Sauf que non. Jane fait appel à la procureure de Lille, laquelle ouvre immédiatement une enquête pénale menant à la mise en examen du suspect, en février 2021. C’est d’ailleurs grâce à cette enquête que Jane découvre deux autres victimes de son harceleur, l’une au tribunal de Bobigny en 2014 et une autre à Lille en 2018. « Elles aussi avaient tenté d’obtenir en vain une protection de leur hiérarchie. Leur agresseur n’avait pas été sanctionné et elles avaient renoncé à aller plus loin », explique maître Alibert.
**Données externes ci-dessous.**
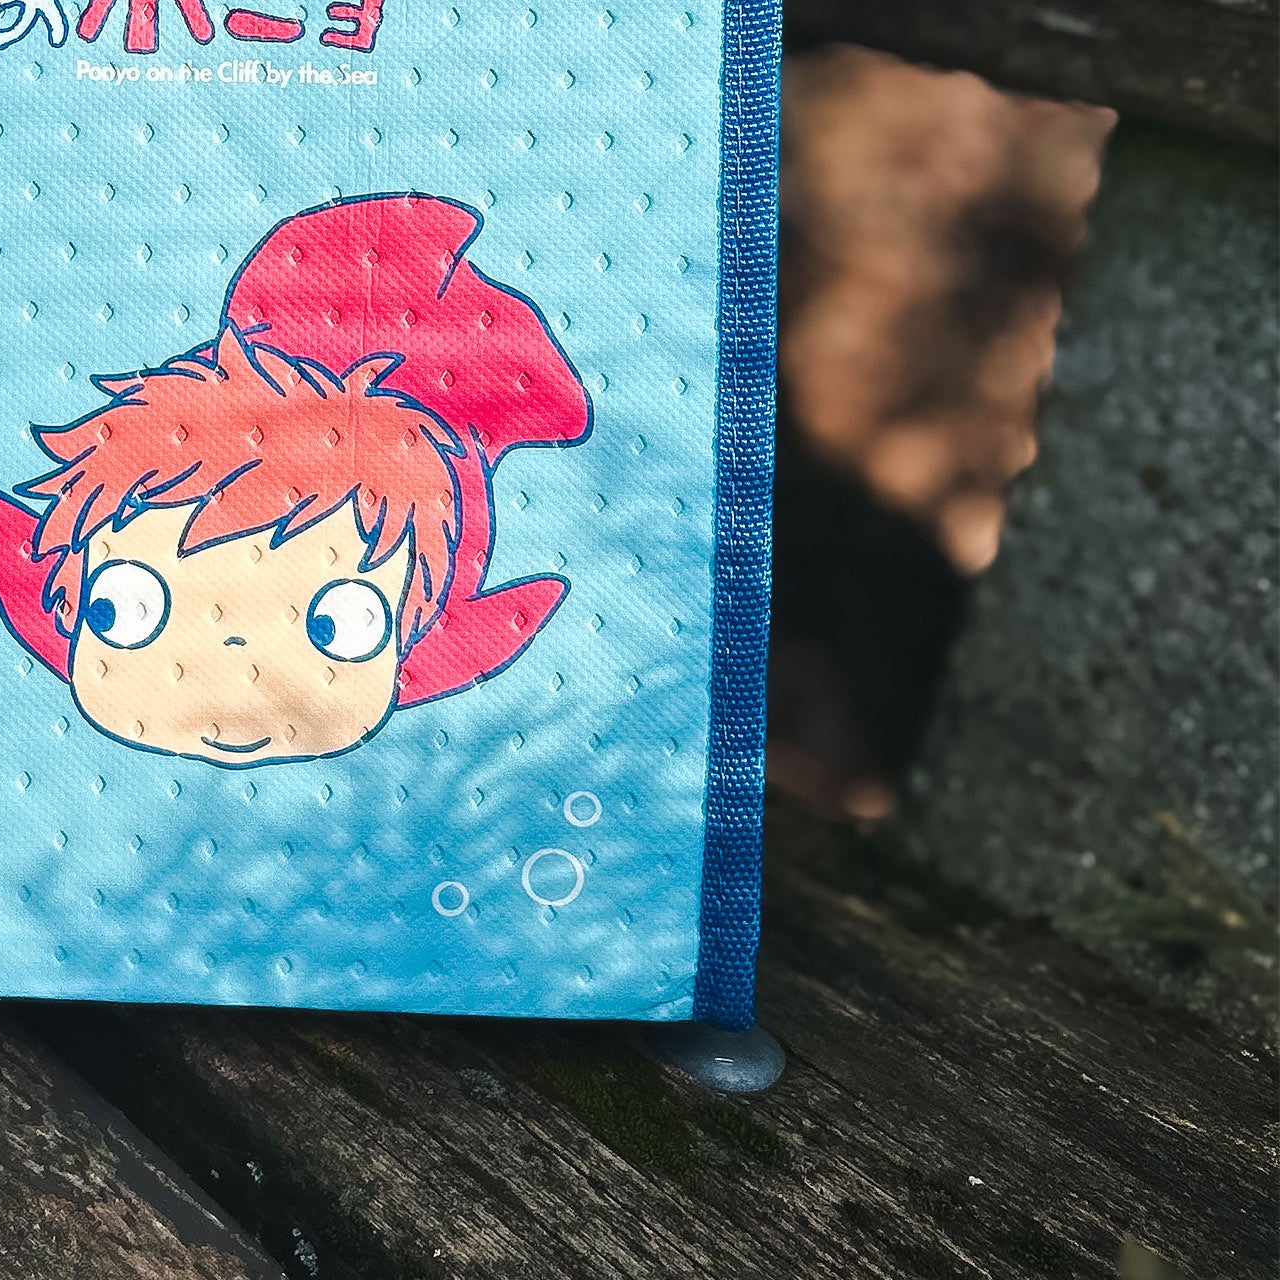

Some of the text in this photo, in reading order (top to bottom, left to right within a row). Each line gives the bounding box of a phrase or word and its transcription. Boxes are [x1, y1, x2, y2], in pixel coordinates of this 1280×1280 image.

Condamné à un stage de lutte contre le sexisme

C’est donc grâce à la pugnacité de Jane que l’homme est condamné à trois mois de prison avec sursis, en avril 2021, par le tribunal de Dunkerque. Le prévenu fait appel dans la foulée, mais il est de nouveau condamné par la cour d’Appel de Douai, en janvier dernier. Sa peine est toutefois réduite à un simple stage de lutte contre le sexisme et de sensibilisation à l’égalité entre les femmes et les hommes. Le harceleur s’en sort d’autant mieux qu’il n’est que légèrement sanctionné par son administration. Une « sanction déguisée » sous la forme d’une mutation dans le ressort du tribunal de Douai. Malgré tout, il a engagé un pourvoi en cassation.

En revanche, c’est la double peine pour Jane. La même supérieure hiérarchique qui défendait son harceleur lui a dégradé son évaluation professionnelle, mettant en cause son intégrité dans le travail. Pour cette raison, et pour tâcher d’obtenir la protection fonctionnelle, Jane a saisi le tribunal administratif de Lille. « L’instruction devrait bientôt être close et l’on peut s’attendre à une décision en septembre. Tout l’enjeu est de savoir comment le juge va reconnaître les torts de cette administration qui s’est montrée incapable de résoudre en interne les difficultés, à prendre en considération la victime et à mener une enquête », insiste maître Alibert. Une sorte de « faites ce que je dis, pas ce que je fais » qui entache la crédibilité même de cette administration.